Alexander George V, Shi Changmin, O'Neill Jon, Wachsman Eric D
Department of Materials Science and Engineering, University of Maryland, College Park, MD, USA.
Maryland Energy Innovation Institute, University of Maryland, College Park, MD, USA.
Nat Mater. 2023 Sep;22(9):1136-1143. doi: 10.1038/s41563-023-01627-9. Epub 2023 Aug 3.
The development of solid-state Li-metal batteries has been limited by the Li-metal plating and stripping rates and the tendency for dendrite shorts to form at commercially relevant current densities. To address this, we developed a single-phase mixed ion- and electron-conducting (MIEC) garnet with comparable Li-ion and electronic conductivities. We demonstrate that in a trilayer architecture with a porous MIEC framework supporting a thin, dense, garnet electrolyte, the critical current density can be increased to a previously unheard of 100 mA cm, with no dendrite-shorting.
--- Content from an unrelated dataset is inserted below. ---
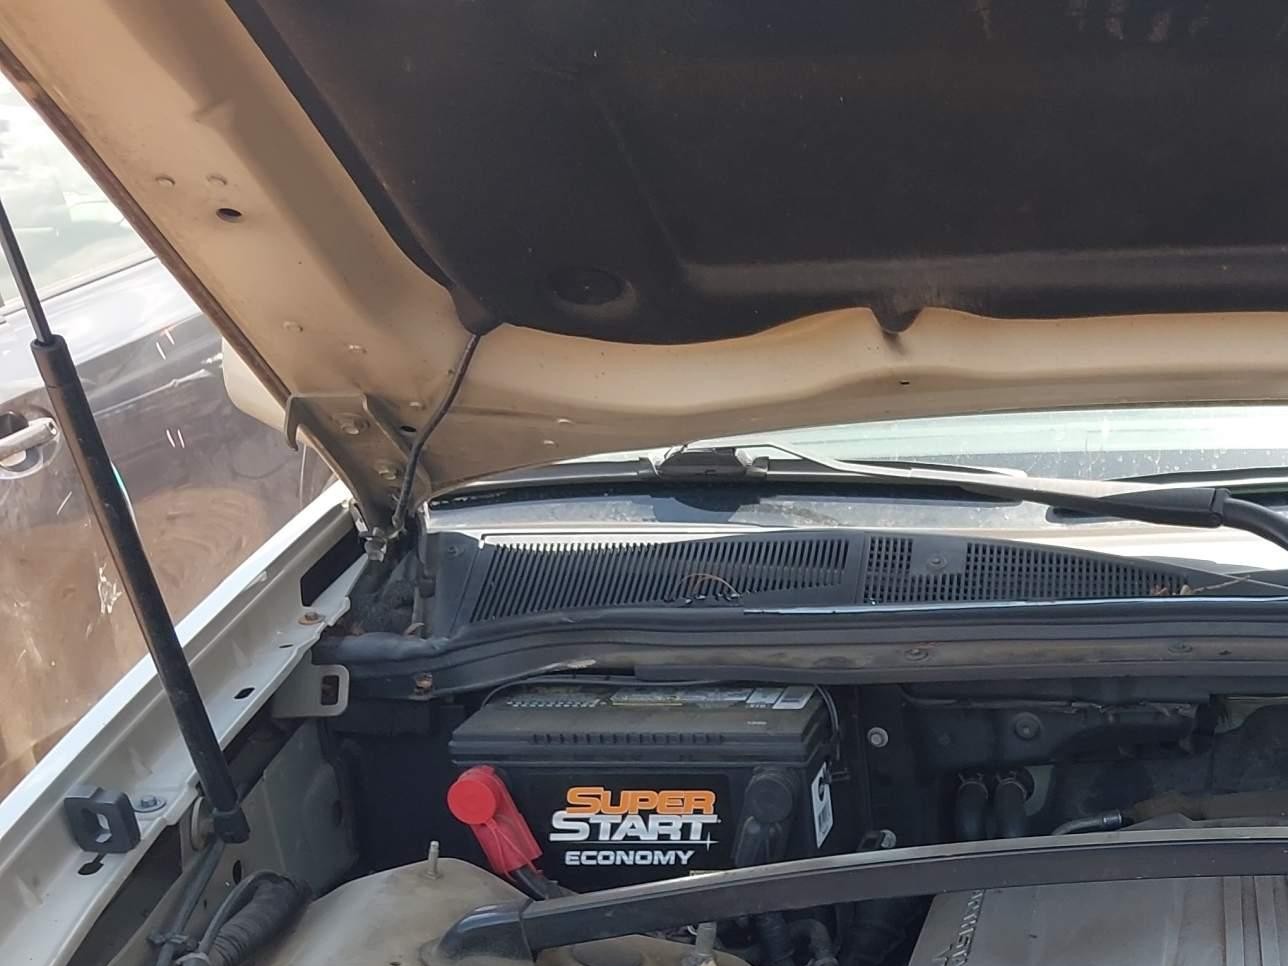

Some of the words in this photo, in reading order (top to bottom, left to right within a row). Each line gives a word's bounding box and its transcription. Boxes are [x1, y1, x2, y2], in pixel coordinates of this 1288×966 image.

[566, 787, 716, 814] SUPER
[550, 811, 719, 841] START
[565, 851, 695, 865] ECONOMY
Additionally, we demonstrate that symmetric Li cells can be continuously cycled at a current density of 60 mA cm with a maximum per-cycle Li plating and stripping capacity of 30 mAh cm, which is 6× the capacity of state-of-the-art cathodes. Moreover, a cumulative Li plating capacity of 18.5 Ah cm was achieved with the MIEC/electrolyte/MIEC architecture, which if paired with a state-of-the-art cathode areal capacity of 5 mAh cm would yield a projected 3,700 cycles, significantly surpassing requirements for commercial electric vehicle battery lifetimes.
固态锂金属电池的发展受到锂金属电镀和剥离速率以及在商业相关电流密度下形成枝晶短路趋势的限制。为了解决这个问题,我们开发了一种具有可比锂离子和电子电导率的单相混合离子和电子传导(MIEC)石榴石。我们证明,在具有多孔MIEC框架支撑薄而致密的石榴石电解质的三层结构中,临界电流密度可以提高到前所未有的100 mA/cm²,且无枝晶短路。此外,我们证明对称锂电池可以在60 mA/cm²的电流密度下连续循环,每个循环的最大锂电镀和剥离容量为30 mAh/cm²,这是现有阴极容量的6倍。此外,采用MIEC/电解质/MIEC结构实现了18.5 Ah/cm²的累积锂电镀容量,如果与5 mAh/cm²的现有阴极面积容量配对,预计将产生3700次循环,大大超过了商用电动汽车电池寿命的要求。